ASSIGNMENT:
Starting with the first line and ending with the last, copy the entries word for word.

RECORDS:
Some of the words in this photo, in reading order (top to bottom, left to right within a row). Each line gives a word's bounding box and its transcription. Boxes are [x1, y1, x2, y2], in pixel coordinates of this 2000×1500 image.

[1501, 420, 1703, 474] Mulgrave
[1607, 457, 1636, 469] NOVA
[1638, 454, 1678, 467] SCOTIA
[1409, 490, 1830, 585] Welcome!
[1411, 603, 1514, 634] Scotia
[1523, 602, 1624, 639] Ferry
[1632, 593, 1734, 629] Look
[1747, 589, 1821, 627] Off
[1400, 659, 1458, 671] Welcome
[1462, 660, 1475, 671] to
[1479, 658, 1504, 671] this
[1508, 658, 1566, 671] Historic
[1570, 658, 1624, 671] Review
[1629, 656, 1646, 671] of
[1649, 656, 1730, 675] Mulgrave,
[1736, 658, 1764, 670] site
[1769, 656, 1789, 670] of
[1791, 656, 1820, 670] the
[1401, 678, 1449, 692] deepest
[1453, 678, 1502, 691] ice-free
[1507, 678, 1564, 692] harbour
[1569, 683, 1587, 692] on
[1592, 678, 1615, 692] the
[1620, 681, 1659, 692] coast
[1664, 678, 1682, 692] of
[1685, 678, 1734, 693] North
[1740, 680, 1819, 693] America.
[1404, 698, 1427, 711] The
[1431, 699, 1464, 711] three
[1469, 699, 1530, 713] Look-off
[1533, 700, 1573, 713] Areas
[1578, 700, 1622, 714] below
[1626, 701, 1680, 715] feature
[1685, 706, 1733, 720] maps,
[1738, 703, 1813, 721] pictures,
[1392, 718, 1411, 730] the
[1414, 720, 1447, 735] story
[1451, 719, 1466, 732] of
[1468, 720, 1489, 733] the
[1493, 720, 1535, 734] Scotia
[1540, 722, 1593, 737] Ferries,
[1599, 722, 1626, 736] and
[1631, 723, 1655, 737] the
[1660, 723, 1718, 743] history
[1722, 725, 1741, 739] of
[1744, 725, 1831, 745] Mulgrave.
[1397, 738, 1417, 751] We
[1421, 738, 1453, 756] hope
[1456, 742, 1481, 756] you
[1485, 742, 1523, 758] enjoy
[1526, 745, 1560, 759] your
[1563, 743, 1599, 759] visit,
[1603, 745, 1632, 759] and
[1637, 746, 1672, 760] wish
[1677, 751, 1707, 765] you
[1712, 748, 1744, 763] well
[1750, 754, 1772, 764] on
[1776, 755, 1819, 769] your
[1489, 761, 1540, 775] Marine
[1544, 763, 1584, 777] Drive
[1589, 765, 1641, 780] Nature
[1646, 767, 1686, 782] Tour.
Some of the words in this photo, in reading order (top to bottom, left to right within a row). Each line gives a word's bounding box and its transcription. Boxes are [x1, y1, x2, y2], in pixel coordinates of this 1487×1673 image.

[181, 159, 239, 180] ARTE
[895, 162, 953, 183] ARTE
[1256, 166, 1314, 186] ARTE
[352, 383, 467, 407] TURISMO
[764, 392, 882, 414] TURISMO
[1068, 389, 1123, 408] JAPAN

SOLUTION FOR THIS TASK:
Some of the words in this photo, in reading order (top to bottom, left to right within a row). Each line gives a word's bounding box and its transcription. Boxes are [x1, y1, x2, y2], in pixel coordinates of this 2000×1500 image.

[1501, 420, 1703, 474] Mulgrave
[1607, 457, 1636, 469] NOVA
[1638, 454, 1678, 467] SCOTIA
[1409, 490, 1830, 585] Welcome!
[1411, 603, 1514, 634] Scotia
[1523, 602, 1624, 639] Ferry
[1632, 593, 1734, 629] Look
[1747, 589, 1821, 627] Off
[1400, 659, 1458, 671] Welcome
[1462, 660, 1475, 671] to
[1479, 658, 1504, 671] this
[1508, 658, 1566, 671] Historic
[1570, 658, 1624, 671] Review
[1629, 656, 1646, 671] of
[1649, 656, 1730, 675] Mulgrave,
[1736, 658, 1764, 670] site
[1769, 656, 1789, 670] of
[1791, 656, 1820, 670] the
[1401, 678, 1449, 692] deepest
[1453, 678, 1502, 691] ice-free
[1507, 678, 1564, 692] harbour
[1569, 683, 1587, 692] on
[1592, 678, 1615, 692] the
[1620, 681, 1659, 692] coast
[1664, 678, 1682, 692] of
[1685, 678, 1734, 693] North
[1740, 680, 1819, 693] America.
[1404, 698, 1427, 711] The
[1431, 699, 1464, 711] three
[1469, 699, 1530, 713] Look-off
[1533, 700, 1573, 713] Areas
[1578, 700, 1622, 714] below
[1626, 701, 1680, 715] feature
[1685, 706, 1733, 720] maps,
[1738, 703, 1813, 721] pictures,
[1392, 718, 1411, 730] the
[1414, 720, 1447, 735] story
[1451, 719, 1466, 732] of
[1468, 720, 1489, 733] the
[1493, 720, 1535, 734] Scotia
[1540, 722, 1593, 737] Ferries,
[1599, 722, 1626, 736] and
[1631, 723, 1655, 737] the
[1660, 723, 1718, 743] history
[1722, 725, 1741, 739] of
[1744, 725, 1831, 745] Mulgrave.
[1397, 738, 1417, 751] We
[1421, 738, 1453, 756] hope
[1456, 742, 1481, 756] you
[1485, 742, 1523, 758] enjoy
[1526, 745, 1560, 759] your
[1563, 743, 1599, 759] visit,
[1603, 745, 1632, 759] and
[1637, 746, 1672, 760] wish
[1677, 751, 1707, 765] you
[1712, 748, 1744, 763] well
[1750, 754, 1772, 764] on
[1776, 755, 1819, 769] your
[1489, 761, 1540, 775] Marine
[1544, 763, 1584, 777] Drive
[1589, 765, 1641, 780] Nature
[1646, 767, 1686, 782] Tour.
Some of the words in this photo, in reading order (top to bottom, left to right within a row). Each line gives a word's bounding box and its transcription. Boxes are [x1, y1, x2, y2], in pixel coordinates of this 1487×1673 image.

[181, 159, 239, 180] ARTE
[895, 162, 953, 183] ARTE
[1256, 166, 1314, 186] ARTE
[352, 383, 467, 407] TURISMO
[764, 392, 882, 414] TURISMO
[1068, 389, 1123, 408] JAPAN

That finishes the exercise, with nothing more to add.